No serious adverse events were reported. The frequency of most events was not increased by empagliflozin, however candida infections were relatively more common in empagliflozin-treated patients (6.8% with 10 mg, 6.8% with 25 mg versus 1.8% with placebo). Interestingly, the incidence of acute kidney injury was lower in empagliflozintreated patients (5.2% in 10 mg, 5.3% in 25 mg versus 6.6% in placebo).

Altogether, during 3 years of treatment this reflects a benefit of 25 lives and 14 fewer hHFs, but at the costs of 53 additional genital infections, per 1000 DM patients who are at increased risk for CV disease.
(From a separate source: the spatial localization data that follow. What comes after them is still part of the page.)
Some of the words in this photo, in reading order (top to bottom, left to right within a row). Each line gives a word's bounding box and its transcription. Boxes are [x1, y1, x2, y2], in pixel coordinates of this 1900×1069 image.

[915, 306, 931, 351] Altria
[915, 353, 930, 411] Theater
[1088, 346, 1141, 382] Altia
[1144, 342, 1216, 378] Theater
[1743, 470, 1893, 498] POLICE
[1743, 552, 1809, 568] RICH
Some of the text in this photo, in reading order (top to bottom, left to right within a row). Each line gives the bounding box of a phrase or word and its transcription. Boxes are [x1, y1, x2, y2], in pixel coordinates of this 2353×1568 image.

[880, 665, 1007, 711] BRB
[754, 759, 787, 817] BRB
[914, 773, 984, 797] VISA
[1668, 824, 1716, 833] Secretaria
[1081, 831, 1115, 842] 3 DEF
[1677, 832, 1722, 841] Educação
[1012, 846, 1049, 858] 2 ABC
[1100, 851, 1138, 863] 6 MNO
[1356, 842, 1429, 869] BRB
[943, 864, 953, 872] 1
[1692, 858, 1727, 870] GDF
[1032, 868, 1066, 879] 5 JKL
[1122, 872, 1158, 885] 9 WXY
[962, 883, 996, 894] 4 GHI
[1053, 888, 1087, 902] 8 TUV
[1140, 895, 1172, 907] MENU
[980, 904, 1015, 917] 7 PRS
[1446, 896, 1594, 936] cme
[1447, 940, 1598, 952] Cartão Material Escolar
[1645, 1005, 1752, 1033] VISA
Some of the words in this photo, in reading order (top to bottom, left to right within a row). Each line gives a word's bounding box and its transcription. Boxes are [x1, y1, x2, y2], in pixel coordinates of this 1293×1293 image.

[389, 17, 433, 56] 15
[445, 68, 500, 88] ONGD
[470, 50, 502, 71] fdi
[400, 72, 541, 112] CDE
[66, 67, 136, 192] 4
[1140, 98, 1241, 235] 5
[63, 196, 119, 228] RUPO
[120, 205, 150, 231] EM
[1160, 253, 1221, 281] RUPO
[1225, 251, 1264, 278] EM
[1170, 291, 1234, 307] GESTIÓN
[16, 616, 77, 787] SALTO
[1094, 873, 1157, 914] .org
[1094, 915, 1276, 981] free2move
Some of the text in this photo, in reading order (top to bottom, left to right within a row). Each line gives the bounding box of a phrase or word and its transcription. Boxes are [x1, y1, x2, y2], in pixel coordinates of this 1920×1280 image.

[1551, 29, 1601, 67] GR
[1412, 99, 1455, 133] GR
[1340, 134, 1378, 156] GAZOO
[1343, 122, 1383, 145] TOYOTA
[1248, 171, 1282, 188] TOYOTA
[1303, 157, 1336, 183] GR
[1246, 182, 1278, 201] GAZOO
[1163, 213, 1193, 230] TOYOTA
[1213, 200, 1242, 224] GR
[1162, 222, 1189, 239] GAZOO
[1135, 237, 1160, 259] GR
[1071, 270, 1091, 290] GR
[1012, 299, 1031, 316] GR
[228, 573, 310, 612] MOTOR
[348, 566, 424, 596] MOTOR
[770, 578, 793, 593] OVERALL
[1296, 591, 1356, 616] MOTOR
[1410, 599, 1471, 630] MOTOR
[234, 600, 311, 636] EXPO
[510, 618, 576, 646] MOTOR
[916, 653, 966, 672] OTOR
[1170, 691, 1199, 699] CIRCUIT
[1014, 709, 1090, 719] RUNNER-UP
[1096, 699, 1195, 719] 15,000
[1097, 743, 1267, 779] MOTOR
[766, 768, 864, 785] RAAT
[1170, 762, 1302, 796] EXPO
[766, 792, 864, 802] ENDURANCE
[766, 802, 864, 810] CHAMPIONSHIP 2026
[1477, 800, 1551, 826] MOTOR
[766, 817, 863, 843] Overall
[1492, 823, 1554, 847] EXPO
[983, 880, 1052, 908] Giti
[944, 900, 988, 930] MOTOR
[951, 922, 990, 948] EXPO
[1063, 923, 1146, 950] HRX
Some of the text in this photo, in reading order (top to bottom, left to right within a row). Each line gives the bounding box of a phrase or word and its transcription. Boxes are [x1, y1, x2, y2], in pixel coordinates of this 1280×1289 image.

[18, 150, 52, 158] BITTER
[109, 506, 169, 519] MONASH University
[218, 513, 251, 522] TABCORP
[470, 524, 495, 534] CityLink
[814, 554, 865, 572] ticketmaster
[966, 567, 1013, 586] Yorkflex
The number needed-to-treat was 39 patients, which is consistent with other preventive CV medications. Thus in the EMPA REG OUTCOME trial with high-risk DM patients, empagliflozin treatment was associated with a large early mortality benefit and reduced frequency of hospitalisations. The treatment benefit was consistent with both doses and not associated with serious events.